I have a list of keywords and another longer string(2 or 3 pages). I want to figure out keywords which are present in list of keywords. e.g

Keywords = [k1, k2, k3 k4, k5, k6 k7 k8]
paragraphs = "This will be 2 to4 page article"

one simple way will be

present_keywords = [x for x in keywords if x in paragraphs]

Time complexity of above algorithm will be O(m*n) =~ O(n^2)

Another way I can create Heap of keywords list, time complexity: O(n log n) Then search for each word from paragraph in the Heap, time complexity will be O(n).

Note: The keywords are bi-grams, tri-grams as well so second approach will not work.

What will be an efficient way to achieve this?

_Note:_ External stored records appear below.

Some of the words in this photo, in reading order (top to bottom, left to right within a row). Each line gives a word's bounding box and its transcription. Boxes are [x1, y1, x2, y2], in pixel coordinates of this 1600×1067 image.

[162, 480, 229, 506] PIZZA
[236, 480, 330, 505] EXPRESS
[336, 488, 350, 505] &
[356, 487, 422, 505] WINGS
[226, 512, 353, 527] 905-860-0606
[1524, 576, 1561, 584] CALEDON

Some of the keywords are n-grams

Many People have given solution without considering this constrain. e.g New York is one keyword. Splitting paragraph will split New and York as different word. Have Mentioned this in Note above as well.

Pramod Patil
  • 757
  • 2
  • 10
  • 26

1 Answers1

4

To reduce the time complexity, we can increase the space complexity. Go through keywords and hash them into a set(), assuming every keyword is unique (if not, duplicates will just be removed).

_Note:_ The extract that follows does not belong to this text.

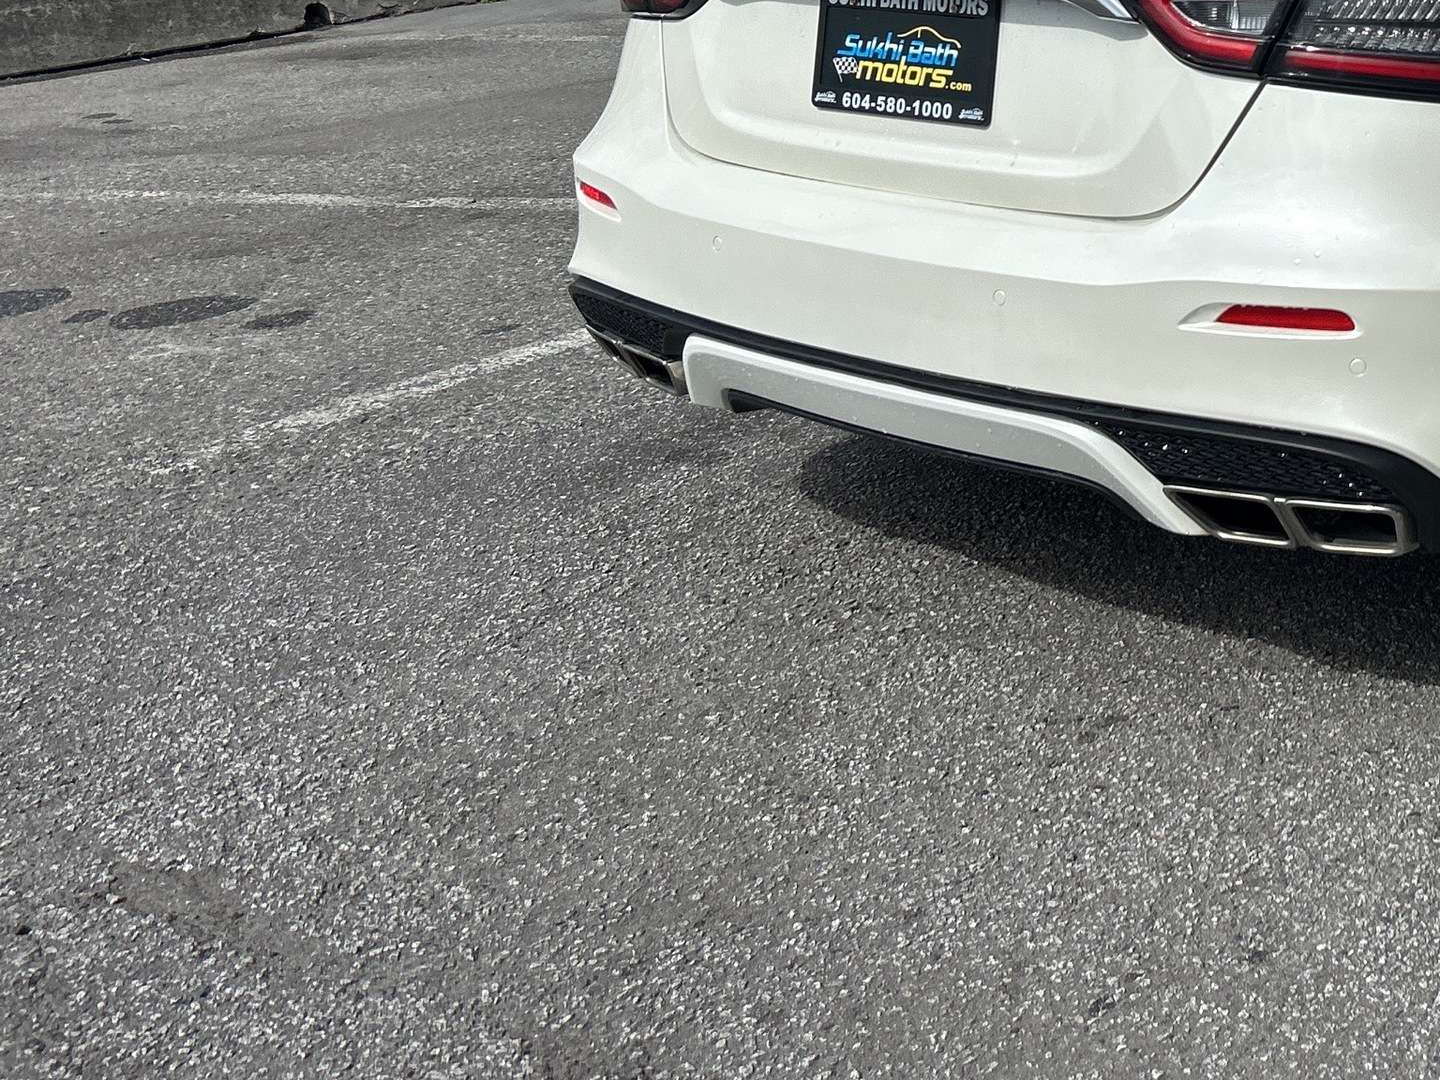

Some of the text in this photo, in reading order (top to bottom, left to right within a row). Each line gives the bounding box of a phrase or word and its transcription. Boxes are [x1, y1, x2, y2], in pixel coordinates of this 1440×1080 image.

[836, 31, 959, 67] Sukhi Bath
[841, 91, 953, 120] 604-580-1000
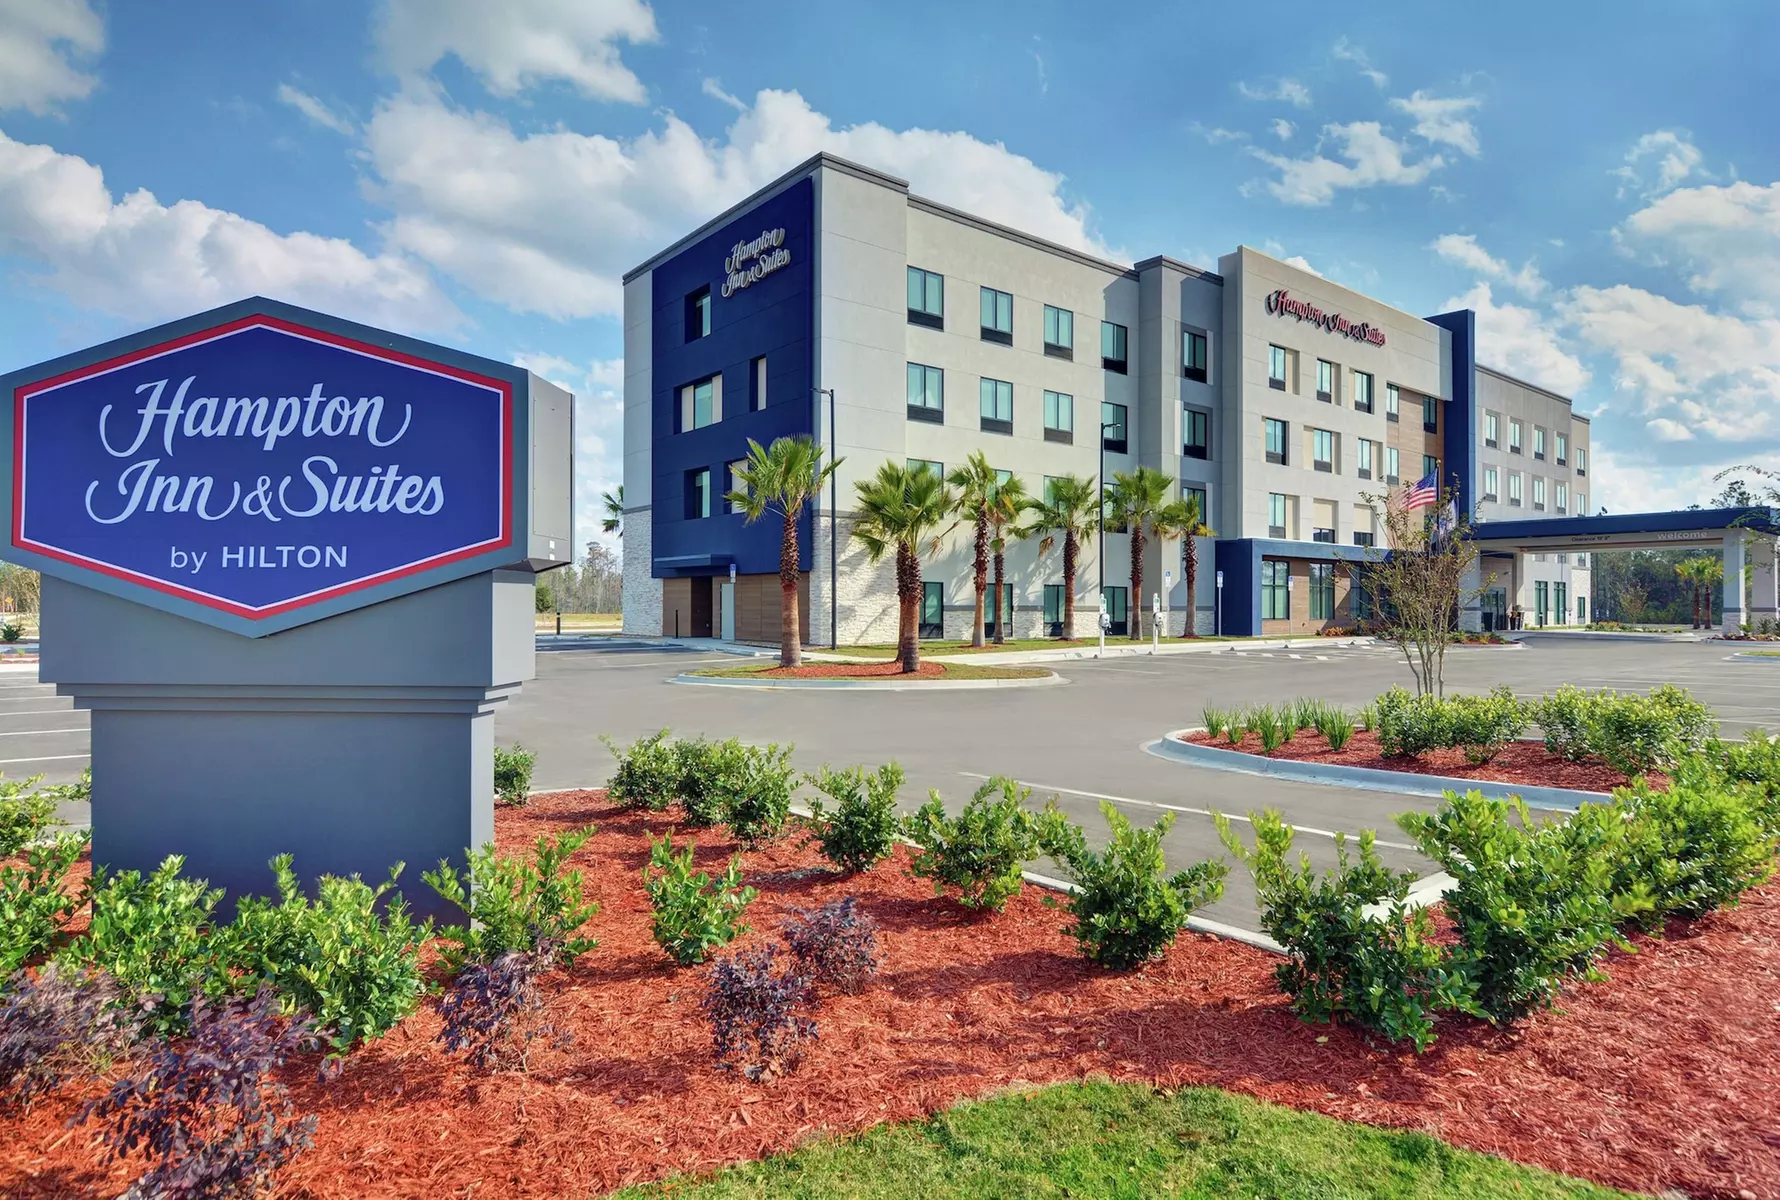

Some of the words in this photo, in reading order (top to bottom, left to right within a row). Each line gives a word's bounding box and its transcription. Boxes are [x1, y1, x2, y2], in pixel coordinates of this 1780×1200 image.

Then you can go through the paragraph and create one, two, or three word phrases, checking for their presence and incrementing their counts as any of those phrases appear in the hashedKeywords. Time complexity will be O(m+n) =~ O(n) but space complexity goes from O(1) to O(n).

import string # for removing punctuation

# Sample input with bigrams and trigrams in keywords
paragraphs = "Lorem ipsum dolor sit amet, consectetur adipiscing elit, sed do eiusmod tempor incididunt ut labore et dolore magna aliqua."
keywords = ['magna', 'lorem ipsum', 'sed do eiusmod', 'aliqua']

# Hash keywords into set for faster look up
hashedKeywords = set()
for keyword in keywords:
    hashedKeywords.add(keyword)

# Strip punctuation from paragraph phrases using translate() and make it case insensitive using lower()
table = str.maketrans({key: None for key in string.punctuation})
wordsInParagraphs = [w.translate(table).lower() for w in paragraphs.split()]

# Initialize for loop
maxGram = 3
wordFrequency = {}

# Loop through words in paragraphs but also create a small list of one, two, or three word phrases. 

for i in range(len(wordsInParagraphs)):
    # List slicing ensures the last word and second to last word will produce a one and two string list, respectively (since slicing past the length of the list will simply return a list up to the last element in Python)
    phrases = wordsInParagraphs[i:i+maxGram] # e.g. ['lorem', 'ipsum', 'dolor']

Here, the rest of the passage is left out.